Text-to-region grounding data:
● ● ● ● ● ● ●

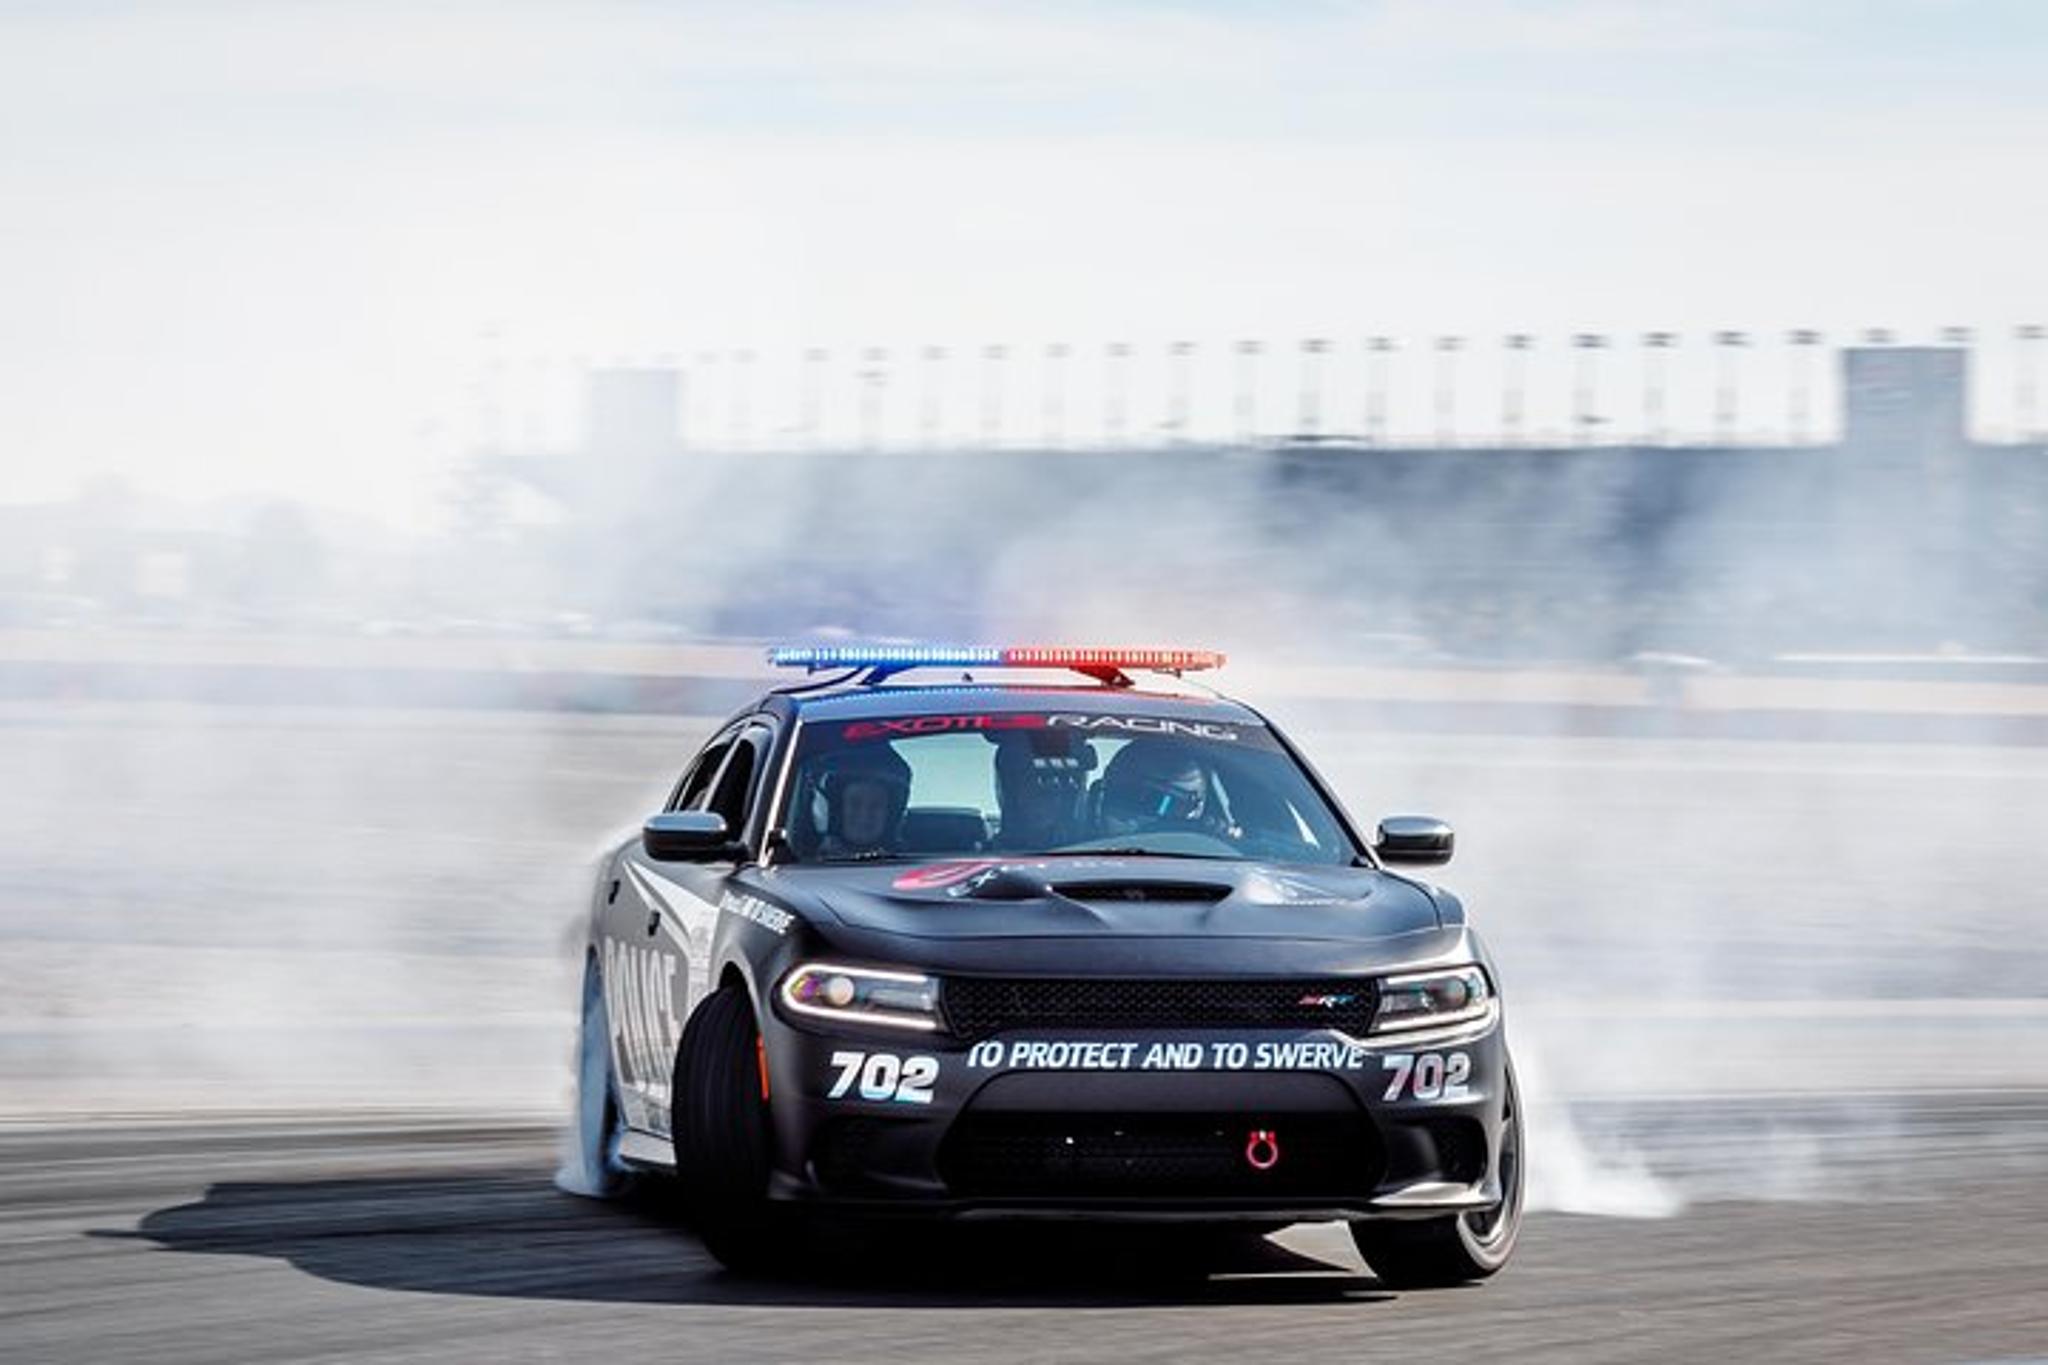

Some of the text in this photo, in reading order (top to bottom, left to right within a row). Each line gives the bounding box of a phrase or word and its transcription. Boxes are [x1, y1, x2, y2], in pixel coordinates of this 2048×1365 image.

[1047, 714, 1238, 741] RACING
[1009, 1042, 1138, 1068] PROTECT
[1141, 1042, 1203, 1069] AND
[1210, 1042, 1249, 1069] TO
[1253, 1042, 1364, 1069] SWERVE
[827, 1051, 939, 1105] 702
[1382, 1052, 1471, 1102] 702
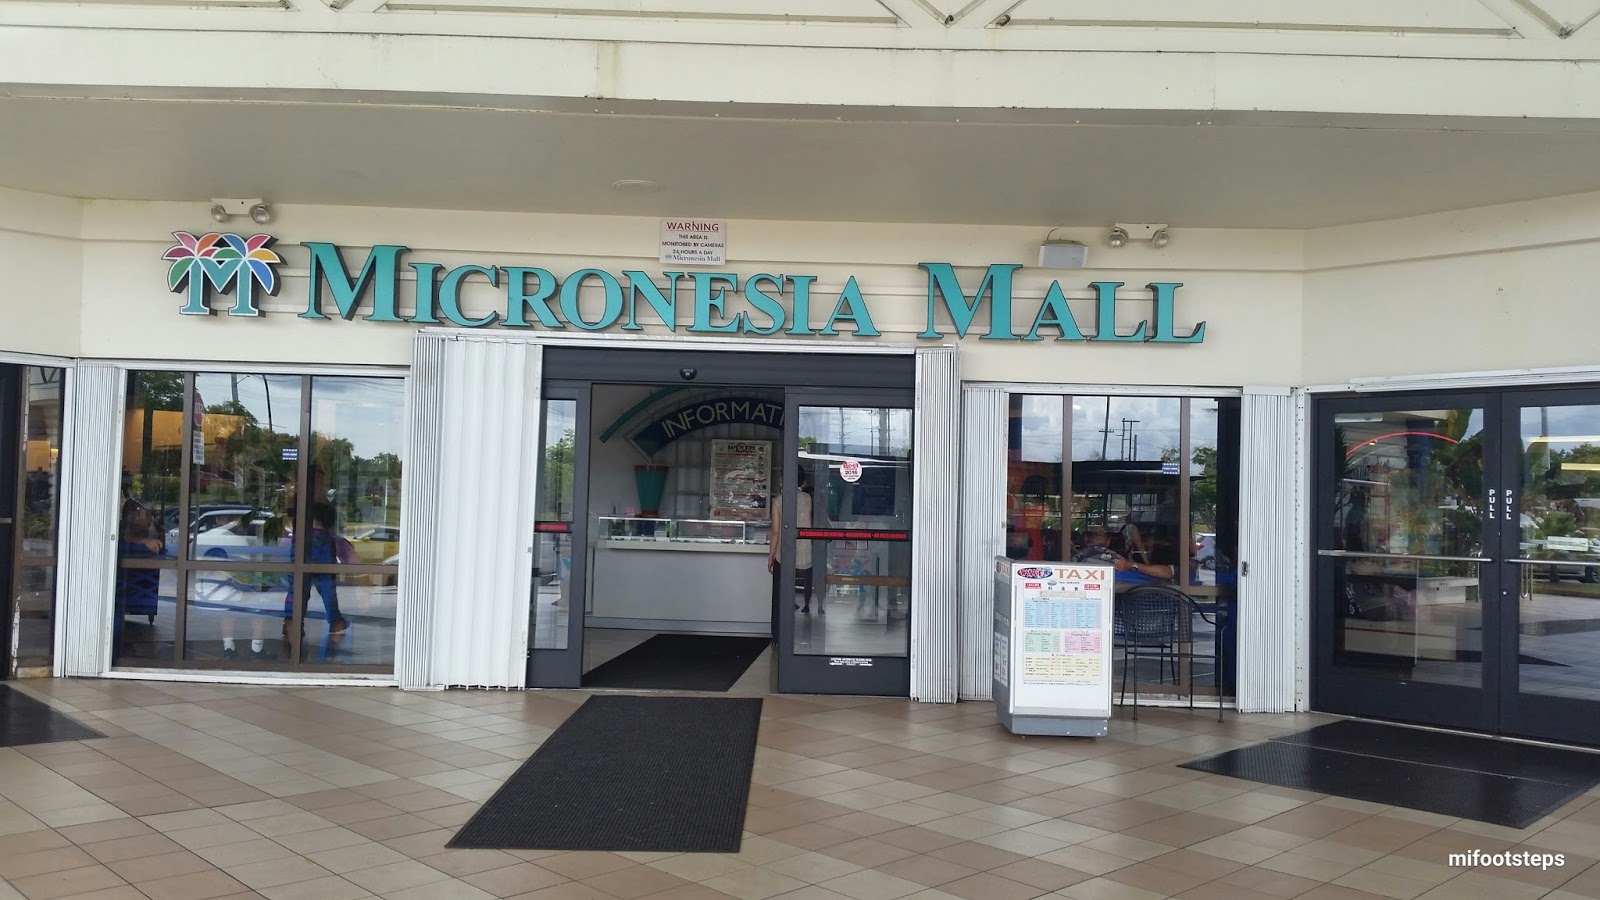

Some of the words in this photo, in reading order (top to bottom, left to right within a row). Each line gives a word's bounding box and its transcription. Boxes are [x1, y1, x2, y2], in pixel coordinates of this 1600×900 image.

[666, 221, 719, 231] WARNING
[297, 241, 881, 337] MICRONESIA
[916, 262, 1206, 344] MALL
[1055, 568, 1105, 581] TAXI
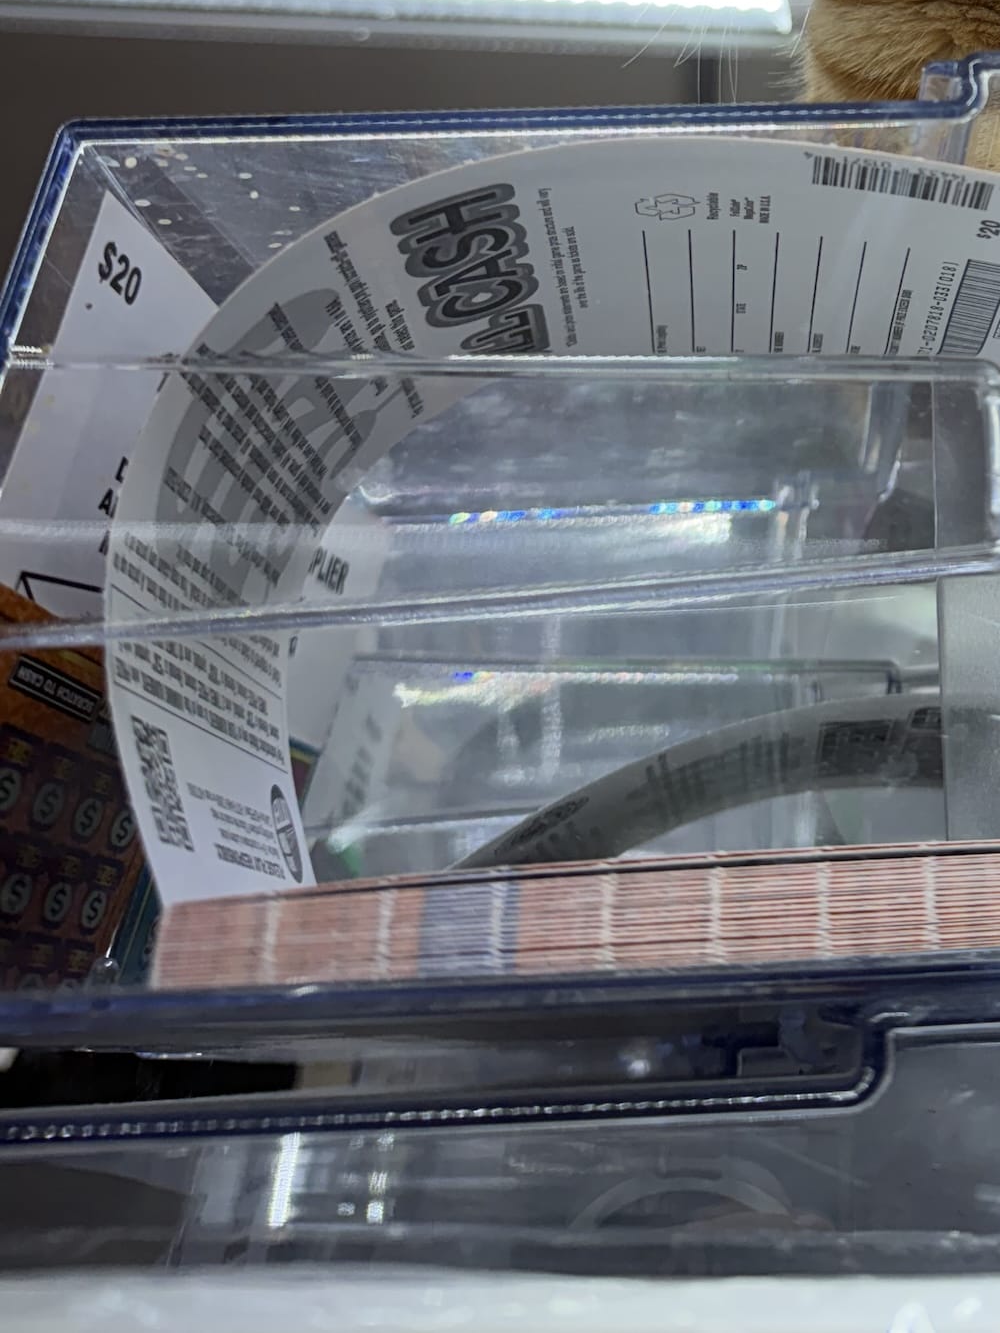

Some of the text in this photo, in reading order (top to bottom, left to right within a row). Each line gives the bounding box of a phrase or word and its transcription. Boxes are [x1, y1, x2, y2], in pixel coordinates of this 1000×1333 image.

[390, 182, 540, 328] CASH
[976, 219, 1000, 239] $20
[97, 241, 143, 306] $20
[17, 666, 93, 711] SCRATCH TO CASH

● ● ● ● ● ● ●

◆ Prompt ◆
A verbatim copy is needed of the lines running from the line with "Some of the words" to the end of the data above, both included. Keep the pictures out of it.

◆ Answer box ◆
Some of the words in this photo, in reading order (top to bottom, left to right within a row). Each line gives a word's bounding box and its transcription. Boxes are [x1, y1, x2, y2], in pixel coordinates of this 1600×900 image.

[666, 221, 719, 231] WARNING
[297, 241, 881, 337] MICRONESIA
[916, 262, 1206, 344] MALL
[1055, 568, 1105, 581] TAXI

Some of the text in this photo, in reading order (top to bottom, left to right within a row). Each line gives the bounding box of a phrase or word and its transcription. Boxes are [x1, y1, x2, y2], in pixel coordinates of this 1000×1333 image.

[390, 182, 540, 328] CASH
[976, 219, 1000, 239] $20
[97, 241, 143, 306] $20
[17, 666, 93, 711] SCRATCH TO CASH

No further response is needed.